In some embodiments, the first work function layer 132 has a portion between the second work function layer 134 and the insulating layer 146, a portion between the second work function layer 134 and the second dielectric layer 144, and a portion between the second work function layer 134 and the first dielectric layer 142.

Moreover, the array area 111 of the substrate 110 has a trench 114, and the depth of the recess 113 the peripheral area 112 of the substrate 110 is less than the depth of the trench 114 of the array area 111 of the substrate 110. The second dielectric layer 144 extends into the trench 114 of the array area 111 of the substrate 110, and thus a portion of the second dielectric layer 144 is located on a dielectric layer 160 in the trench 114. The material of the dielectric layer 160 may be oxide. The array area 111 of the substrate 110 includes a word line structure 150 in the trench 114 and surrounded by the second dielectric layer 144. The word line structure 150 includes a titanium nitride layer 152 and a polysilicon layer 154 above and aligned with the titanium nitride layer 152 in a vertical direction.

It is to be noted that the connection relationships, the materials, and the advantages of the elements described above will not be repeated in the following description. In the following description, the method of forming the semiconductor structure 100 of FIG. 1 will be explained.

FIG. 2 is a flow chart of a method of forming a semiconductor structure according to some embodiments of the present disclosure. The method of forming the semiconductor structure includes the following steps. In step S1, a recess is formed in a peripheral area of a substrate. Thereafter, in step S2, a gate dielectric layer is formed on a surface of the recess. Afterwards, in step S3, a first work function layer is formed in the recess and on the gate dielectric layer. Subsequently, in step S4, a second work function layer is formed in the recess and on the first work function layer, wherein the first work function layer and the second work function layer define a gate structure, the second work function layer is surrounded by the first work function layer, the first work function layer is located between the second work function layer and the gate dielectric layer, and a work function of the first work function layer is different from a work function of the second work function layer.

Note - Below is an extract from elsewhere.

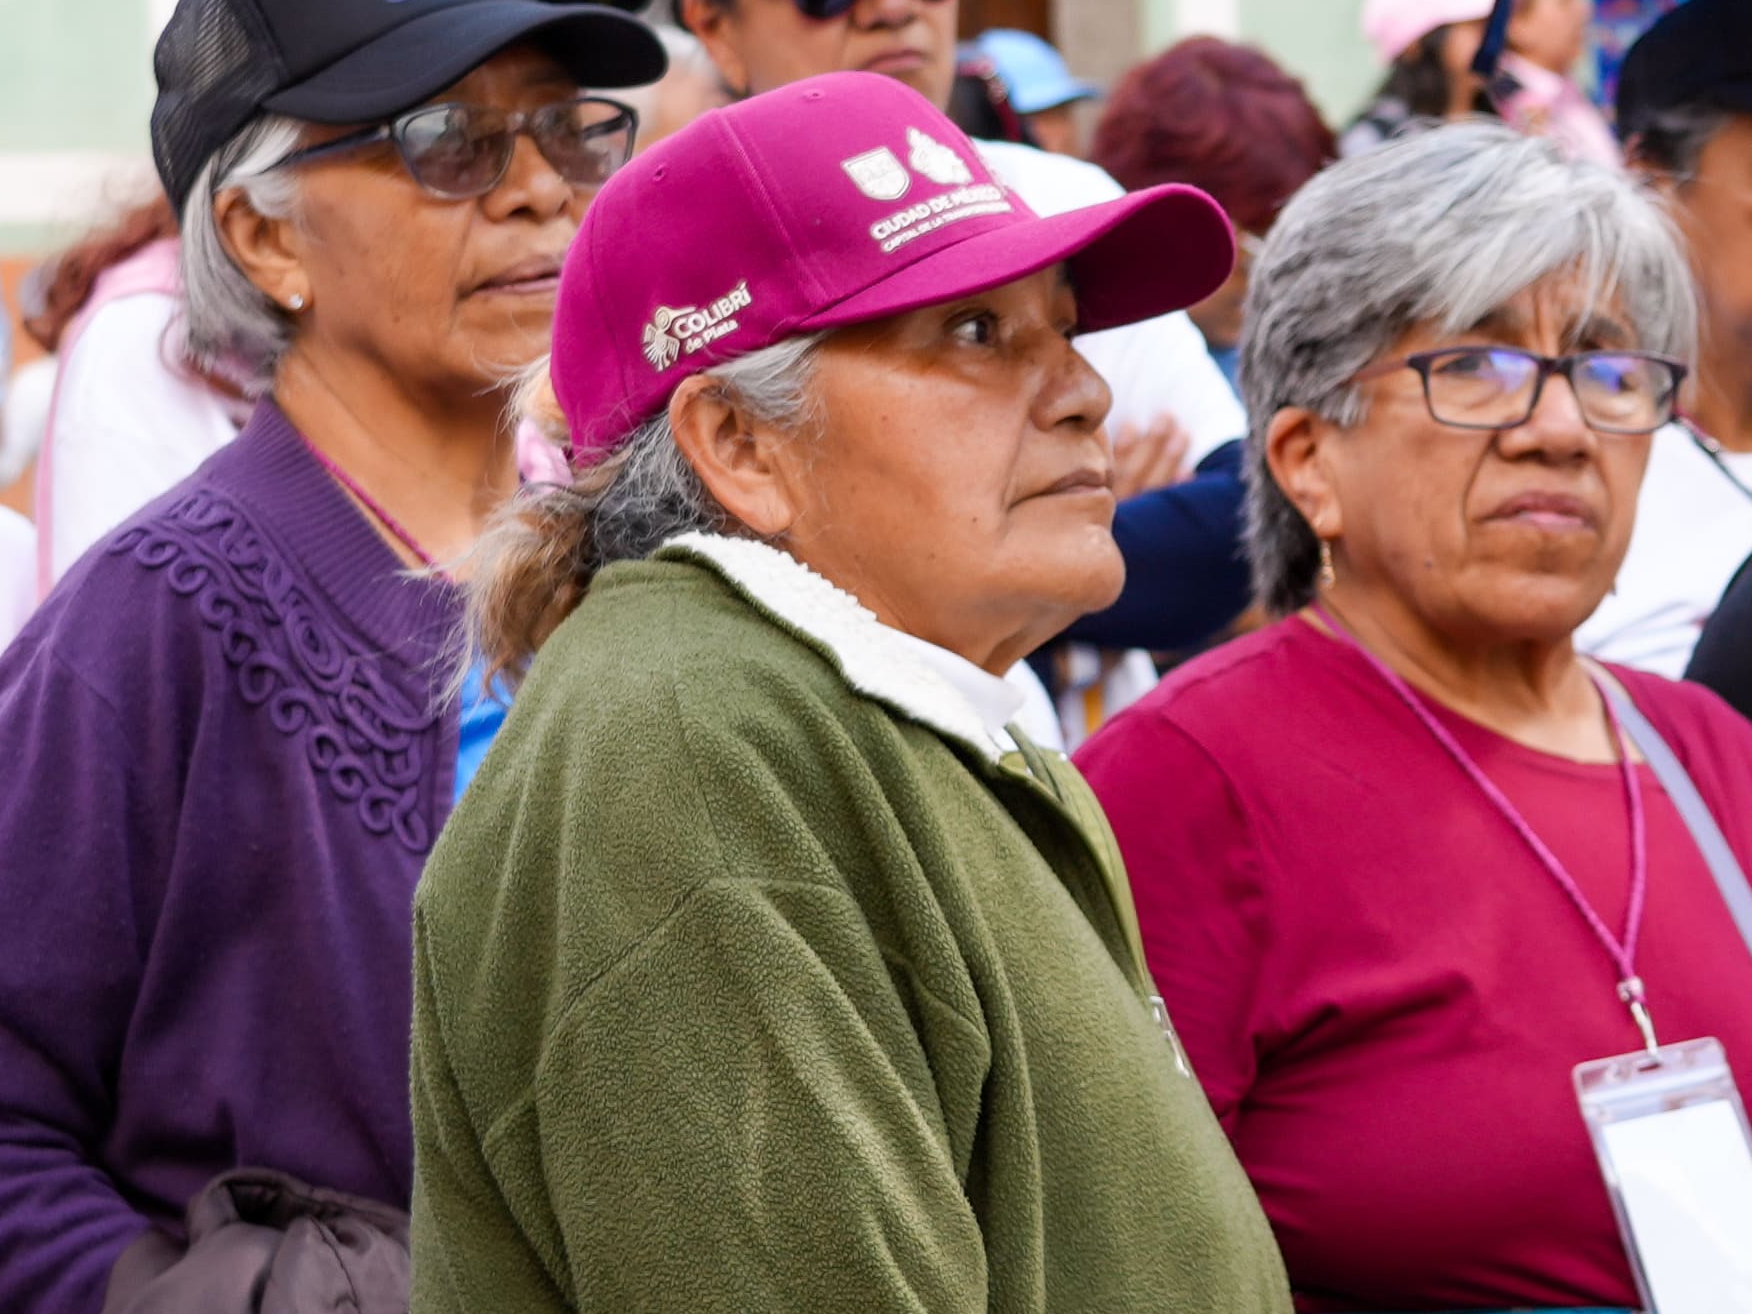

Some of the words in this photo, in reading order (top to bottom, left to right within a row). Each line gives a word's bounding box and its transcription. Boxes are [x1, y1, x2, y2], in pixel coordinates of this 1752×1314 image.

Moreover, each of steps S1 to S4 may include plural detailed steps, the method may include other steps between step S1 and step S4, and the method may include other steps before step S1 and after step S4. In the following description, at least the aforementioned steps S1 to S4 will be described in detail.

FIGS. 3 to 11 are cross-sectional views at intermediate stages of a method of forming a semiconductor structure according to some embodiments of the present disclosure. As shown in FIG. 3, the first dielectric layer 142 is formed on the top surface of the substrate 110, and the second dielectric layer 144 is formed on the first dielectric layer 142. In addition, the trench 114 is formed in the array area 111 of the substrate 110, the dielectric layer 160 is formed along the surface of the trench 114, and the second dielectric layer 144 is formed along the surface of the dielectric layer 160. Thereafter, the word line structure 150 including the titanium nitride layer 152 and the polysilicon layer 154 are formed in the trench 114 in the array area 111. The insulating layer 146 is formed on the second dielectric layer 144, and is formed to fill the trench 114 to cover the polysilicon layer 154.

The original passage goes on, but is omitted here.